BJC – Mesmo com esse avanço elogiável, principalmente no mercado de Blu-rays, a Fox ainda tem como principal crítica a descontinuação de séries em DVD. Já que o Brasil é um dos únicos países que a venda de DVDs ainda cresce, o que pode ser feito para que títulos importantes (como Angel e Buffy, por exemplo) possam voltar ao mercado e reverter essa situação?

HB – No momento não há como retomar estes lançamentos, não existe nenhum plano concreto. Temos um custo de legendagem e de dublagem que, muitas vezes, não estão feitos. Temos custos de Ancine, em que temos que pagar um custo muito alto por episódio, fora a produção do título. Quando você já parte de um custo fixo muito alto, o lançamento fica inviabilizado. Então depende da gente equacionar isso, ao mesmo tempo que deve se encontrar um canal que vai comercializar isso. Recebemos [pedidos] de muitos interessados nessas séries descontinuadas, mas a gente não tem como vender diretamente para essas pessoas. Eu preciso ter um parceiro comercial que aposte e faça uma tiragem mínima para oferecer para estas pessoas. Então, não depende só da gente, depende do canal de distribuição para conseguir chegar lá na ponta final, que é o consumidor.

Nós também ficamos frustrados com o cancelamento das séries pois, antes de mais nada, como trabalhamos com marca, queremos a satisfação dos nossos clientes. Pedimos desculpas, pois sabemos que não conseguimos atender a demanda de todo mundo, mas precisamos por vezes tomar a decisão de não lançar certas coisas.

BJC – Mas existe alguma maneira viável para que o público possa se mobilizar e conseguir que essa situação seja revertida?

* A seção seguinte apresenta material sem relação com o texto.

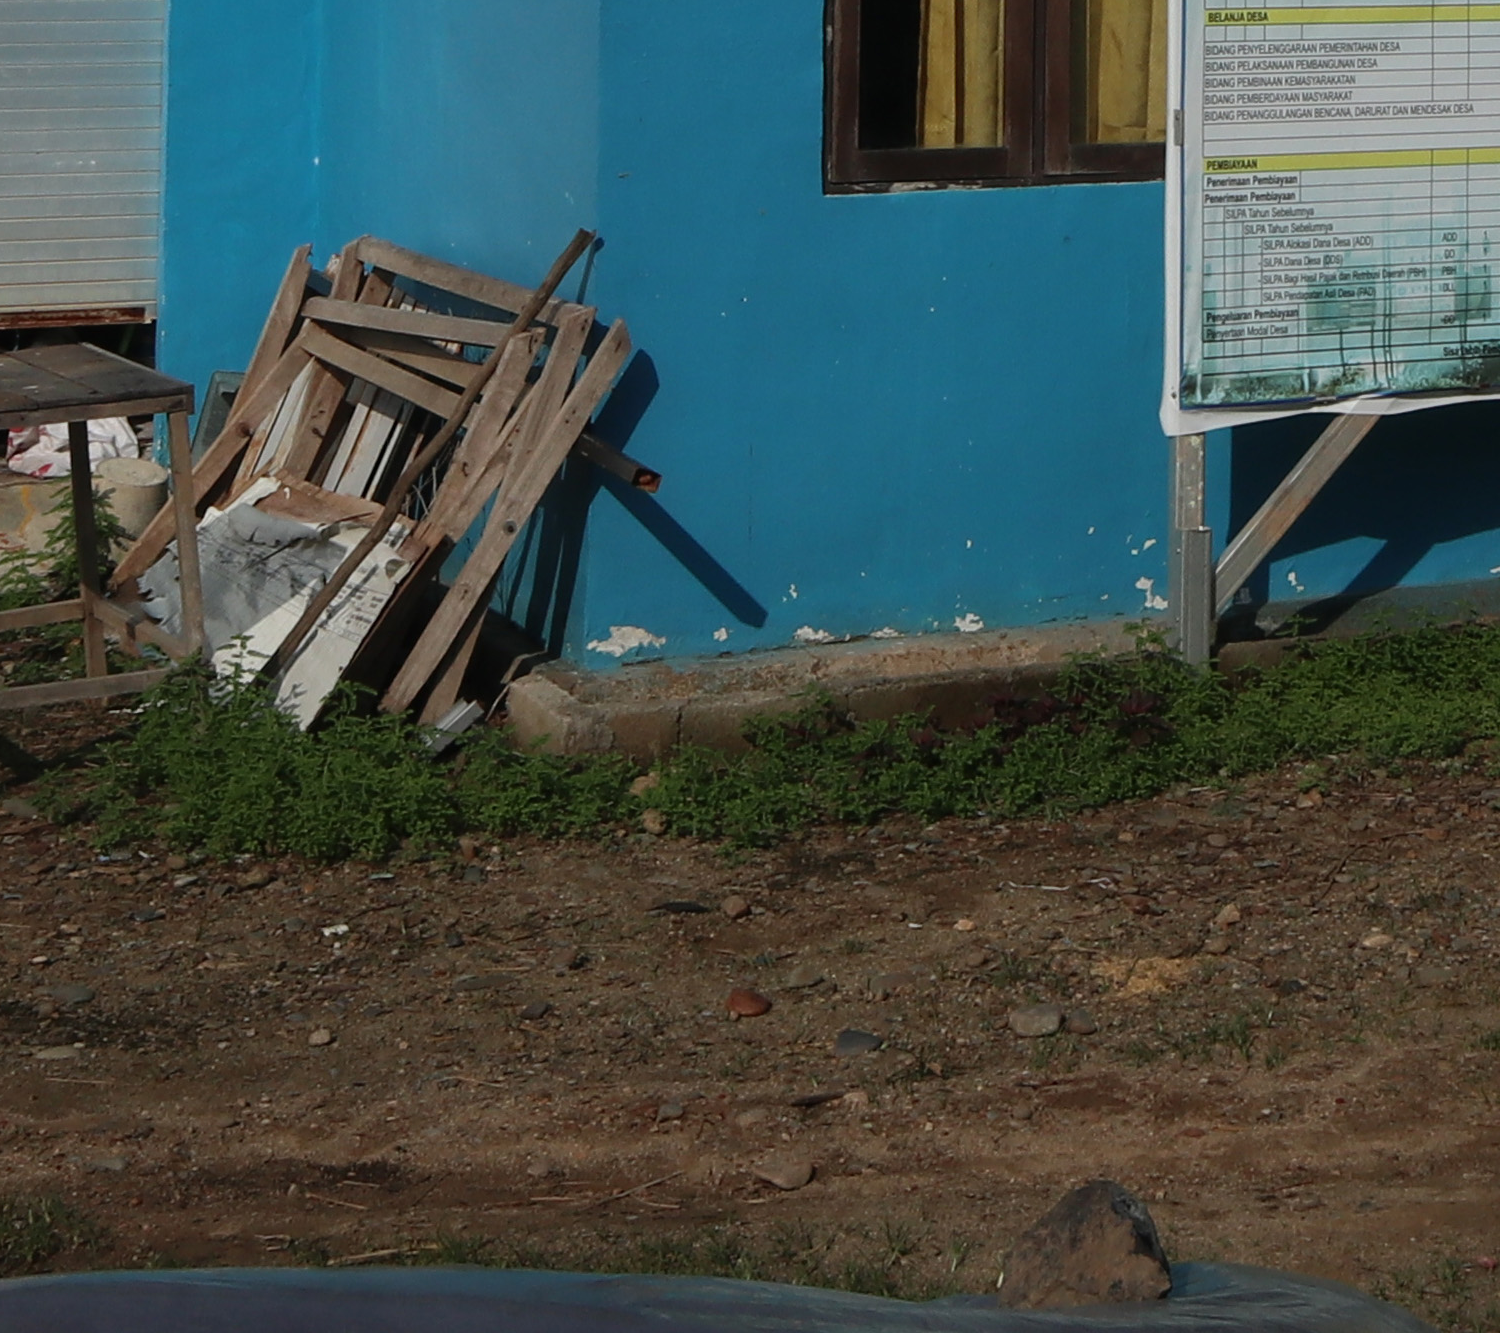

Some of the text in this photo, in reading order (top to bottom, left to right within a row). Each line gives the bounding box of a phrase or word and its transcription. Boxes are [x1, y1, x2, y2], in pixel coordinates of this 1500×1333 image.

[1208, 11, 1268, 22] BELANJA DESA
[1205, 41, 1400, 55] BIDANG PENYELENGGARAAN PEMERINTAHAN DESA
[1207, 159, 1258, 170] PEMBIAYAAN

HB -A ideia é procurar o varejo, principalmente os grandes magazines online, para mostrar que existe demanda para esse produto. Com isso, podemos desenvolver um projeto de lançamento, cada um pode contribuir para que isso seja realizado, tanto o consumidor, como a Fox e seus parceiros no varejo.

BJC – Existe um boato que Star Wars e Simpsons seguem um padrão de apresentação imposto pelos seus criadores. Isso é verdade?

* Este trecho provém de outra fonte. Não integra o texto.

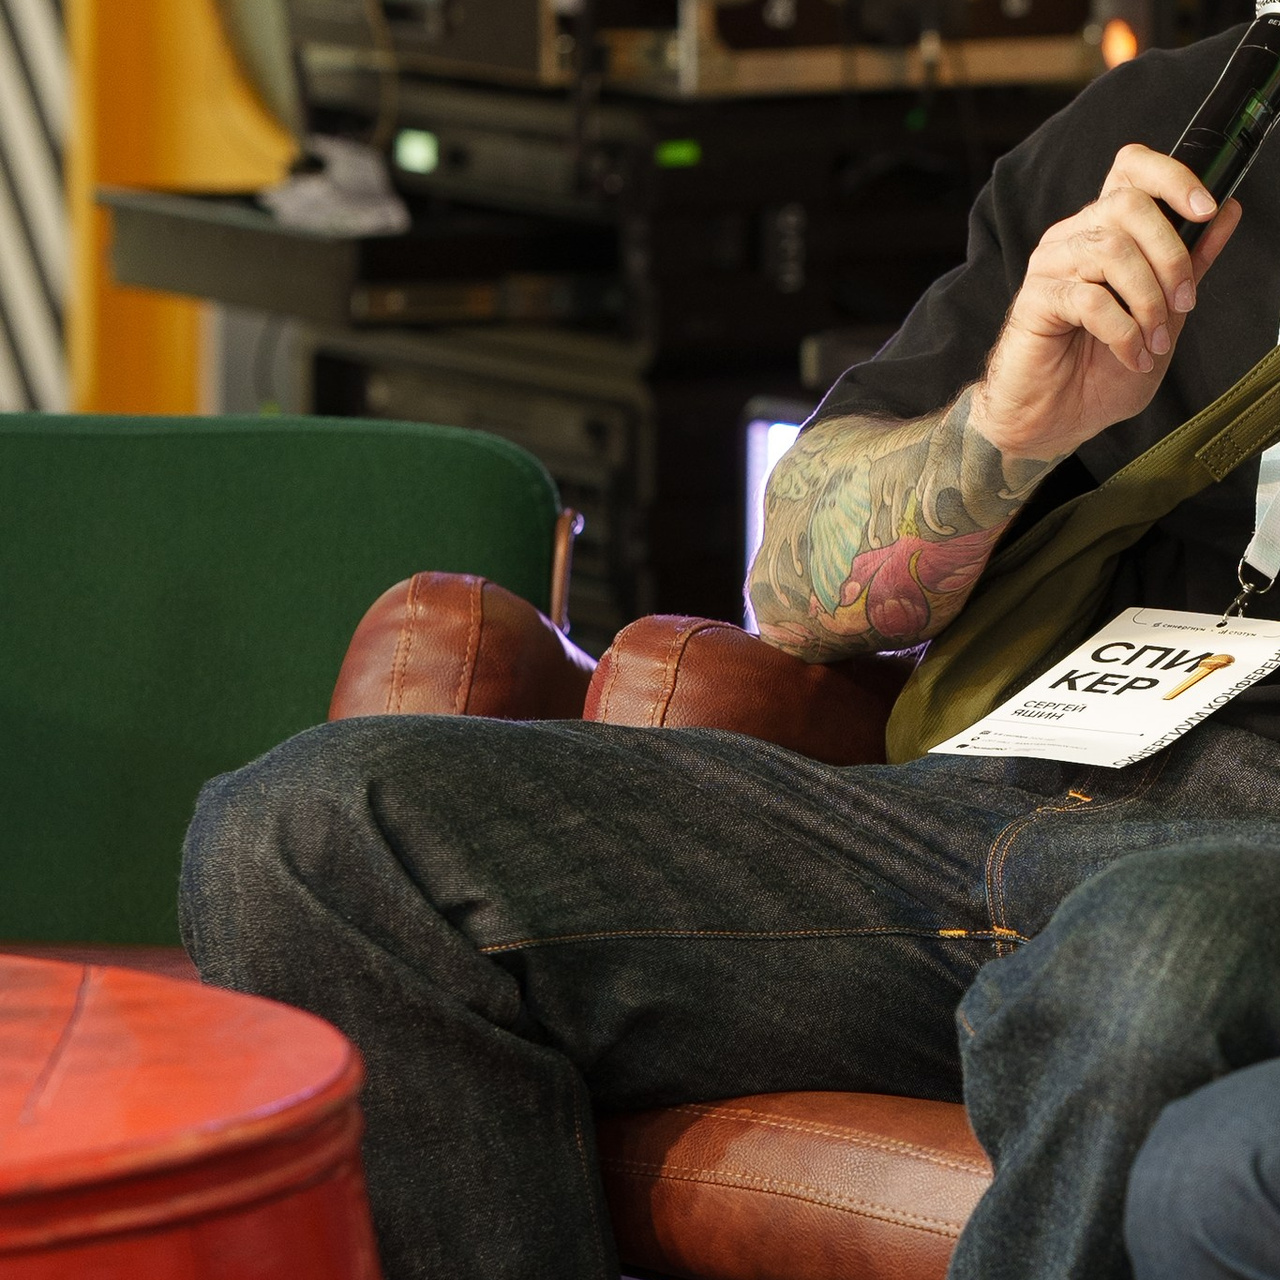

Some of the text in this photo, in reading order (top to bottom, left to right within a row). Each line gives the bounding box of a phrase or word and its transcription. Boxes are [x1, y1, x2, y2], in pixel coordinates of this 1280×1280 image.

[1091, 641, 1215, 674] СПИ
[1049, 669, 1160, 696] КЕР
[1011, 709, 1064, 720] ЯШИН
[1023, 700, 1087, 713] СЕРГЕЙ
[1113, 711, 1210, 768] СИНЕРГИУМ

HB – Sim é fato que é imposição. A Fox aqui no Brasil é uma empresa que distribui material audiovisual. Muitas vezes, quando estamos cumprindo este papel, nosso cliente é o George Lucas (no caso de Star Wars). Então, se ele determina certas coisas em relação ao lançamento de seus produtos…

A mesma coisa acontece com Simpsons, em que a Gracie tem total domínio sobre a franquia e sobre os produtos; o uso de imagem deles é extremamente complicado, impedindo que a gente faça certas coisas, pois tem que passar pela aprovação deles. Além de Simpsons e Star Wars, temos os produtos de James Cameron (Avatar e Titanic, por exemplo) que também merecem tratamento especial.

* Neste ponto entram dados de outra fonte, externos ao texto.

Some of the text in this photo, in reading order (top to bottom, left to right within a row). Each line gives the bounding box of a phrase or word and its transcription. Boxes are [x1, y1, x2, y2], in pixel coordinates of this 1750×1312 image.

BJC – O que acontece exatamente quando temos uma produção redublada, ou com mudança nos dubladores?

HB – Se seguirmos todas as leis, temos uma série de limitações. Nós, estúdios, como empresas grandes, com ações em bolsa de valores, temos que respeitar absolutamente a lei. Então, se existe um entrave jurídico envolvendo uma trilha de dublagem com um dos dubladores, por qualquer motivo que seja (erro nosso ou uma demanda errada dele), não posso usar aquele material. Já aconteceu aqui na Fox de não ser possível usar a dublagem, como em filmes que temos que redublar por que houve algum problema no caminho. Ou quem fez a primeira dublagem não pagou os direitos, ou quando a dublagem vai para outra mídia não conseguimos chegar a um bom termo na negociação. Então, não podemos simplesmente ignorar isso e depois “vamos ver o que vai acontecer”. Temos responsabilidade e temos que tomar todos os cuidados neste sentido.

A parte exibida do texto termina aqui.